## PROBLEM REQUIREMENTS
All the lines below need to be output exactly, apart from any images.

--

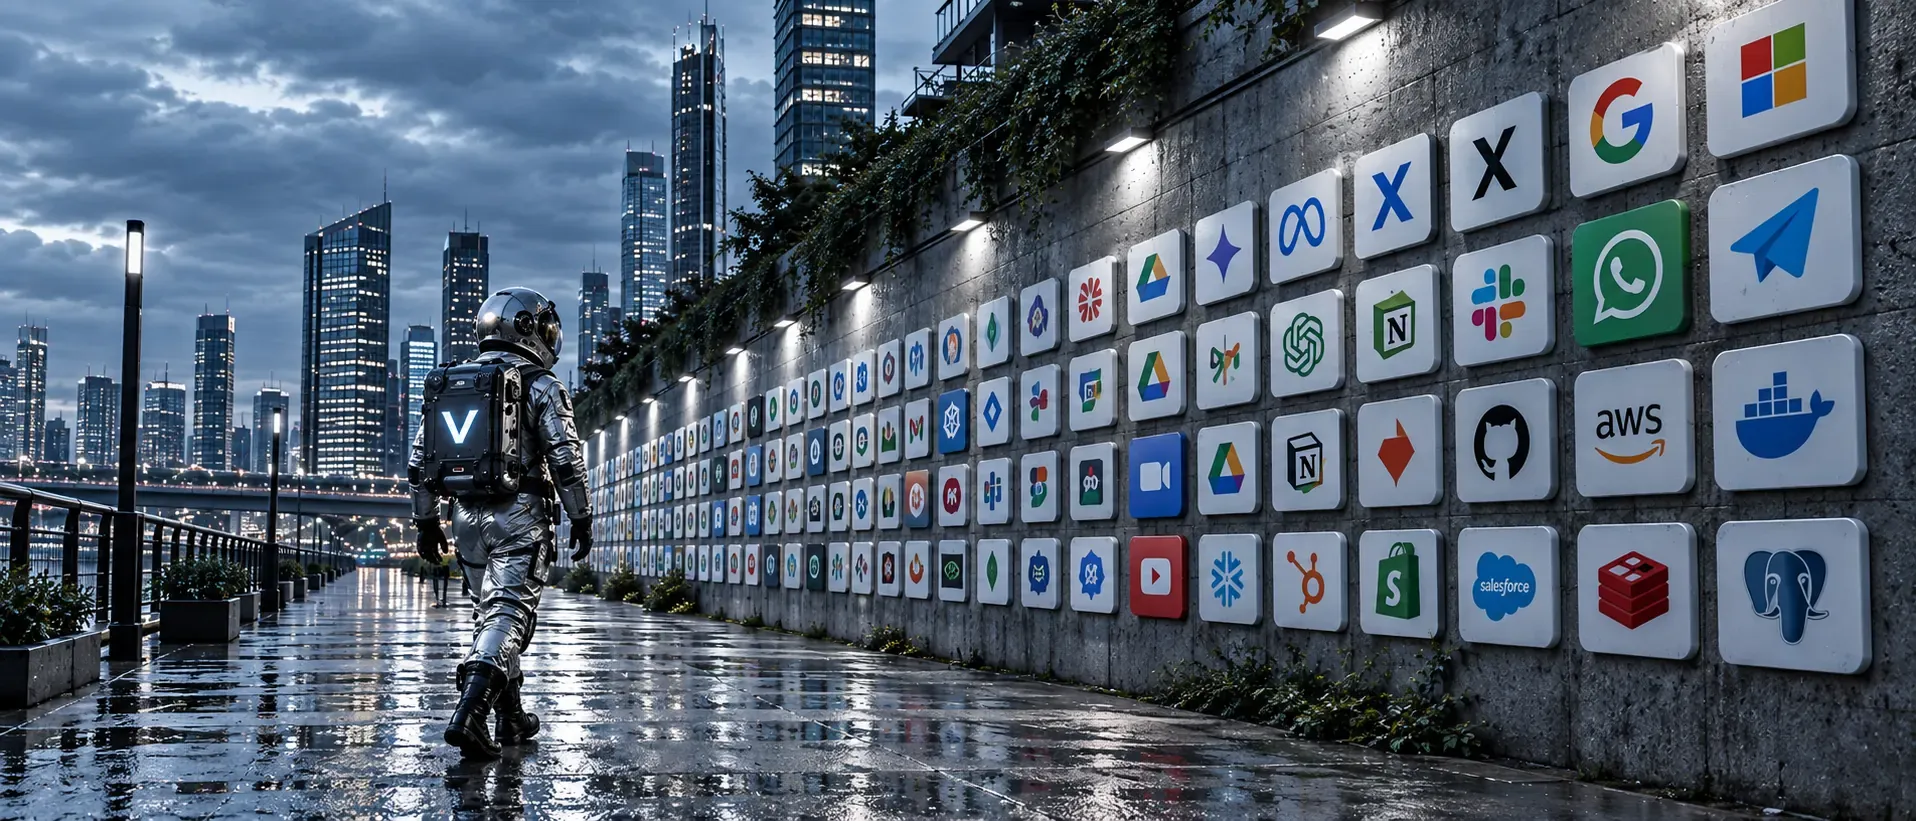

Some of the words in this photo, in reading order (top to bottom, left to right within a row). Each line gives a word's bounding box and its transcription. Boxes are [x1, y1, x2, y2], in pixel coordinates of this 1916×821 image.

[1590, 77, 1653, 164] G
[1472, 125, 1517, 201] X
[1372, 161, 1414, 231] X
[1387, 313, 1408, 345] N
[441, 409, 479, 444] V
[1596, 404, 1662, 439] aws
[1299, 454, 1316, 479] N
[1385, 570, 1401, 607] S
[1480, 578, 1530, 597] salesforce
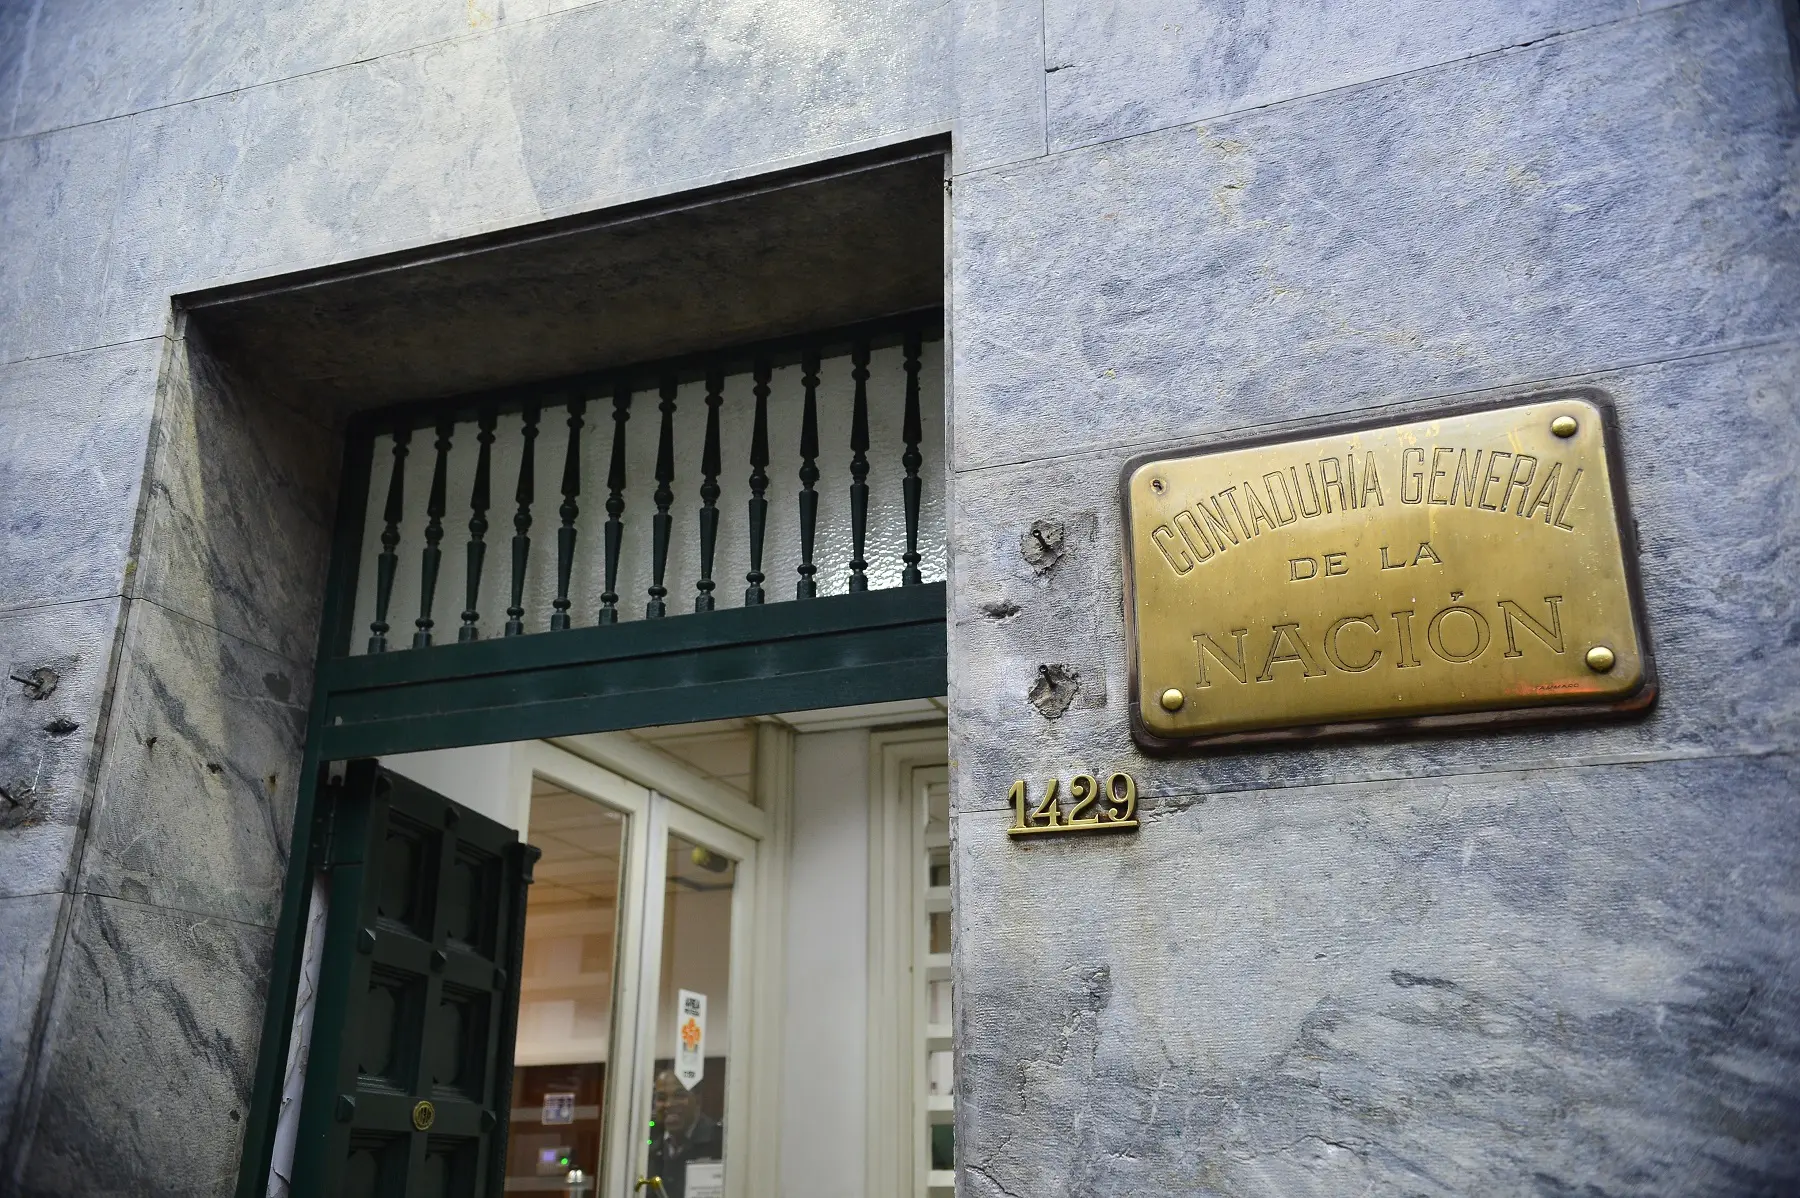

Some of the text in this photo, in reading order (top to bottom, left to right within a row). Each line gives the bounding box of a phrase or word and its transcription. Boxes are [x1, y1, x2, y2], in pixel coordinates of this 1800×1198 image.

[1152, 446, 1585, 576] CONTADURÍA GENERAL
[1289, 542, 1442, 582] DE LA
[1192, 592, 1564, 687] NACIÓN
[1008, 773, 1136, 829] 1429
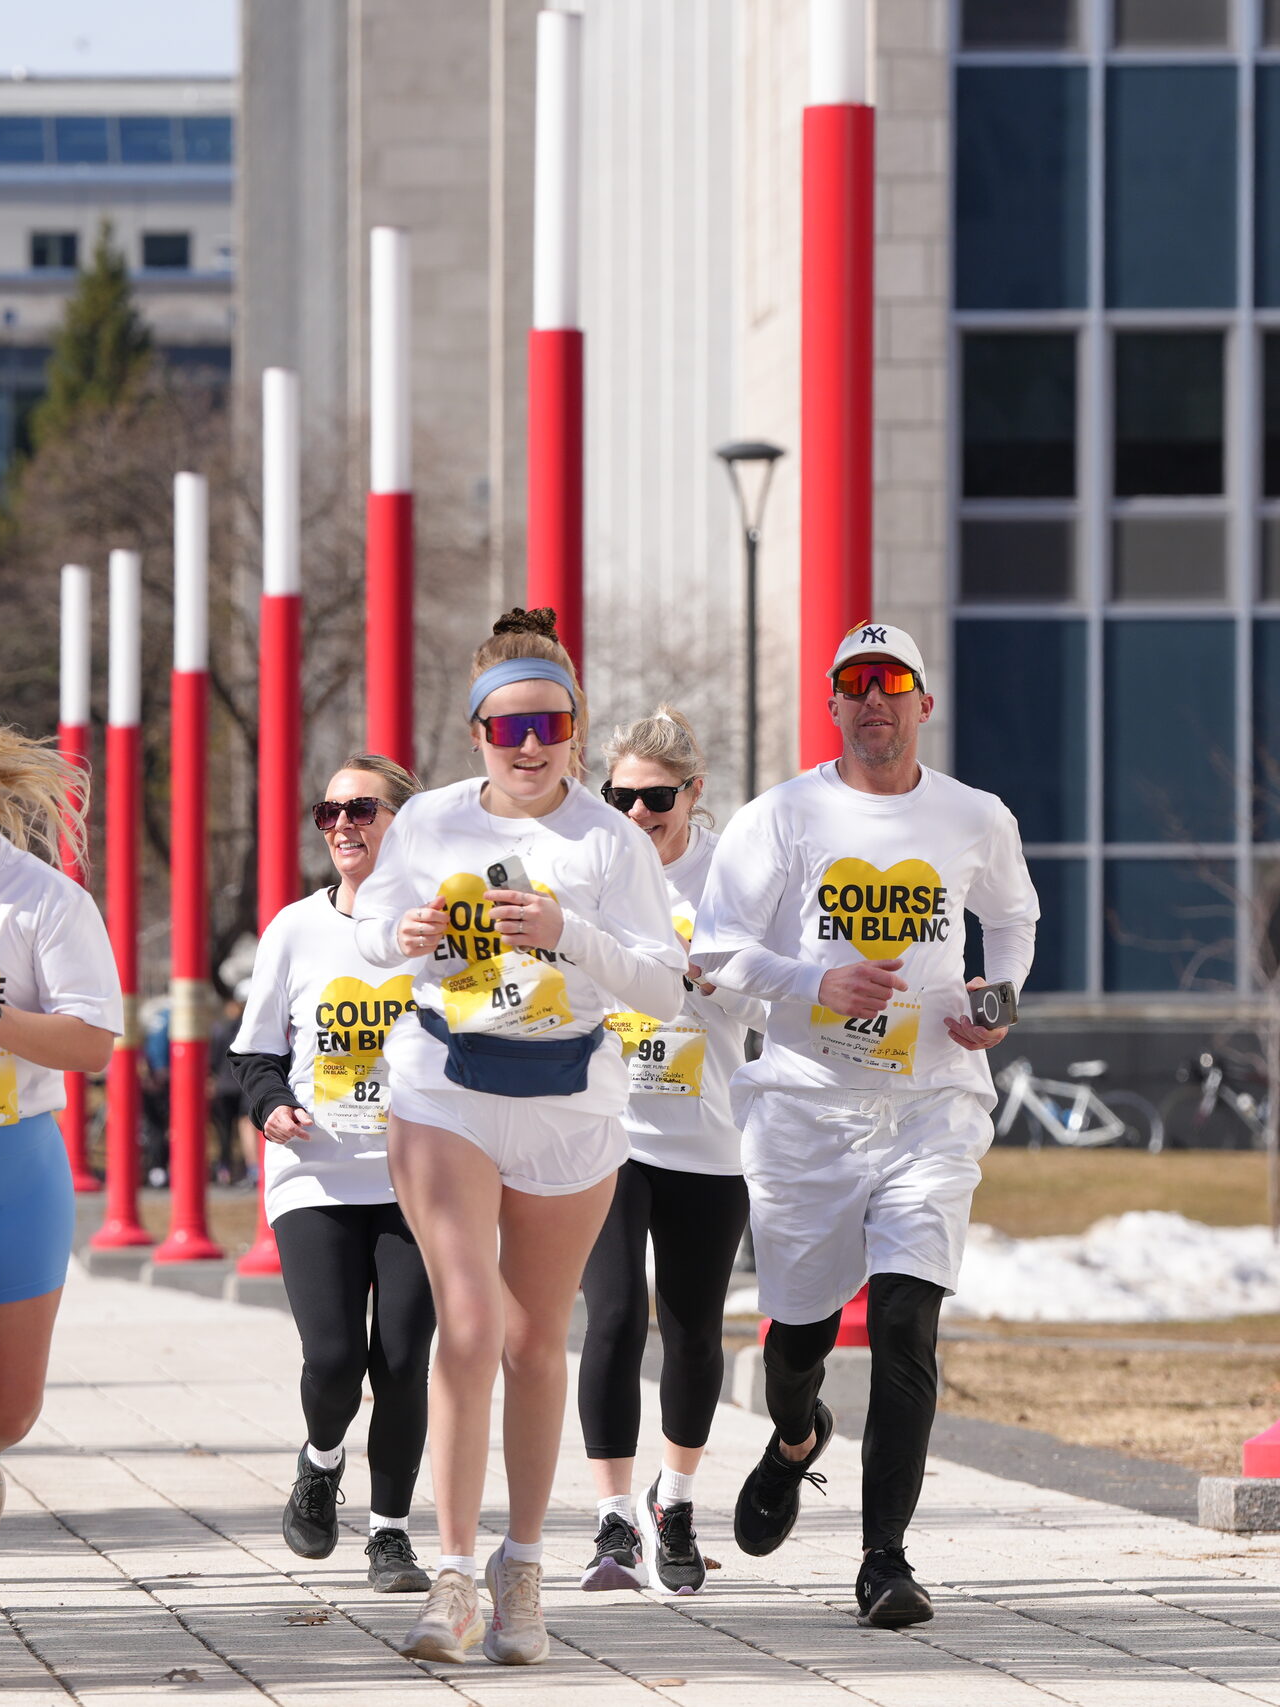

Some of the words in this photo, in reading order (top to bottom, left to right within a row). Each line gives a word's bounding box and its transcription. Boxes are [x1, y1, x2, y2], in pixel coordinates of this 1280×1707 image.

[817, 884, 947, 915] COURSE
[817, 915, 853, 940] EN
[861, 916, 950, 942] BLANC
[449, 976, 473, 987] COURSE
[492, 983, 522, 1010] 46
[317, 1031, 351, 1052] EN
[638, 1039, 666, 1062] 98
[354, 1081, 380, 1102] 82

--

## TASK ANSWER
Some of the words in this photo, in reading order (top to bottom, left to right within a row). Each line gives a word's bounding box and its transcription. Boxes are [x1, y1, x2, y2], in pixel coordinates of this 1916×821 image.

[1590, 77, 1653, 164] G
[1472, 125, 1517, 201] X
[1372, 161, 1414, 231] X
[1387, 313, 1408, 345] N
[441, 409, 479, 444] V
[1596, 404, 1662, 439] aws
[1299, 454, 1316, 479] N
[1385, 570, 1401, 607] S
[1480, 578, 1530, 597] salesforce

Some of the text in this photo, in reading order (top to bottom, left to right within a row). Each line gives the bounding box of a phrase or word and its transcription. Boxes are [x1, y1, x2, y2], in pixel coordinates of this 1800×1198 image.

[1152, 446, 1585, 576] CONTADURÍA GENERAL
[1289, 542, 1442, 582] DE LA
[1192, 592, 1564, 687] NACIÓN
[1008, 773, 1136, 829] 1429

Some of the words in this photo, in reading order (top to bottom, left to right within a row). Each line gives a word's bounding box and its transcription. Boxes are [x1, y1, x2, y2], in pixel coordinates of this 1280×1707 image.

[817, 884, 947, 915] COURSE
[817, 915, 853, 940] EN
[861, 916, 950, 942] BLANC
[449, 976, 473, 987] COURSE
[492, 983, 522, 1010] 46
[317, 1031, 351, 1052] EN
[638, 1039, 666, 1062] 98
[354, 1081, 380, 1102] 82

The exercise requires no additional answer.